START Data excerpts

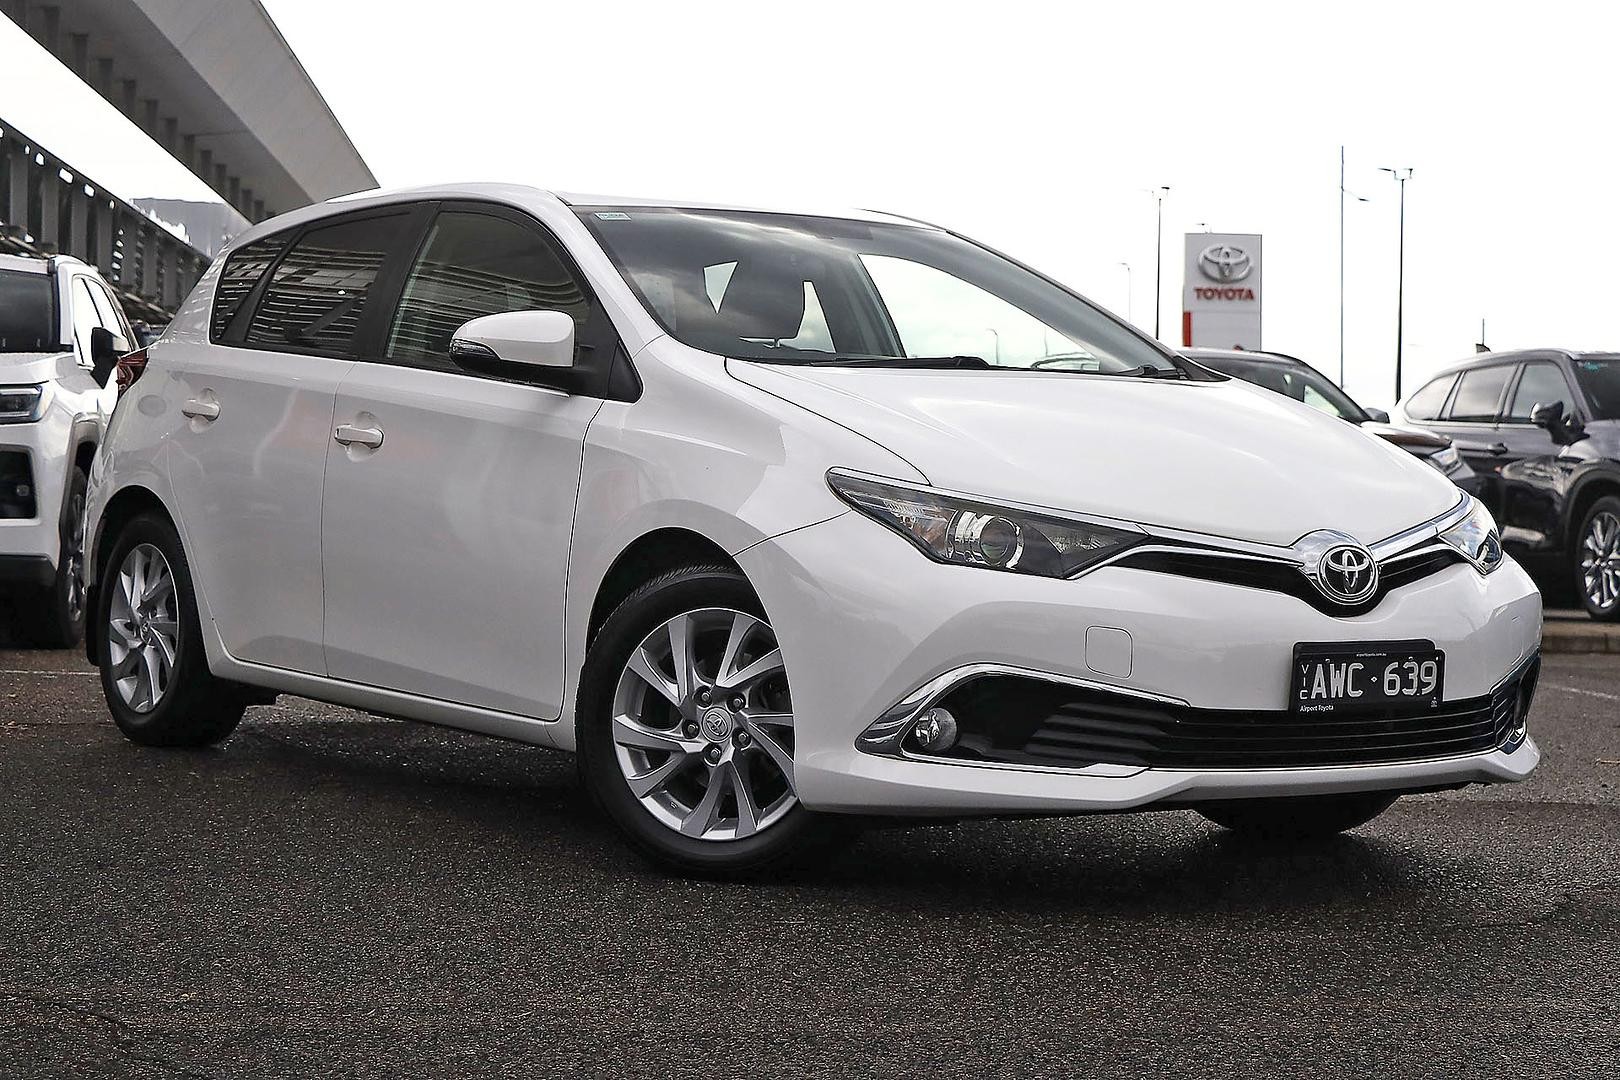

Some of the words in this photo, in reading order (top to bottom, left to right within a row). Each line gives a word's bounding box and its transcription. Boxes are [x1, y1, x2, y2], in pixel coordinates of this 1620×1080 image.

END Data excerpts
START Data excerpts

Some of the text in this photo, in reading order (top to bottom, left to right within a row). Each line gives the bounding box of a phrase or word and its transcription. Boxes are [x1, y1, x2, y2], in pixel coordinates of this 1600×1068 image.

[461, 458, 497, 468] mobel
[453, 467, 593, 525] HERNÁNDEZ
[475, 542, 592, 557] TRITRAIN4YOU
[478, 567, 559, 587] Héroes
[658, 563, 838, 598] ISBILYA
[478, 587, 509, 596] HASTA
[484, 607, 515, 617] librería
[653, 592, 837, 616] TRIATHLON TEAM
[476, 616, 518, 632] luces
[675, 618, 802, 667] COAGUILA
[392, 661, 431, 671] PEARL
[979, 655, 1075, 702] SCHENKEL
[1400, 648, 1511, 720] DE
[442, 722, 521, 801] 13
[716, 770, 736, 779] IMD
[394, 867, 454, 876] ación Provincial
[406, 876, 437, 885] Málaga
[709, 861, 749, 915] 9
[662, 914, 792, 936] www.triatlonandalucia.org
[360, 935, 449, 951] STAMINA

END Data excerpts
START Data excerpts

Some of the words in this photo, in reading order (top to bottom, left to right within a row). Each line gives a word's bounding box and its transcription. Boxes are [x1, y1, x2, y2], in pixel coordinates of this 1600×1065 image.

END Data excerpts

» **Task**:
Show all lines above holding the word "words".

» **Output below**:
Some of the words in this photo, in reading order (top to bottom, left to right within a row). Each line gives a word's bounding box and its transcription. Boxes are [x1, y1, x2, y2], in pixel coordinates of this 1620×1080 image.
Some of the words in this photo, in reading order (top to bottom, left to right within a row). Each line gives a word's bounding box and its transcription. Boxes are [x1, y1, x2, y2], in pixel coordinates of this 1600×1065 image.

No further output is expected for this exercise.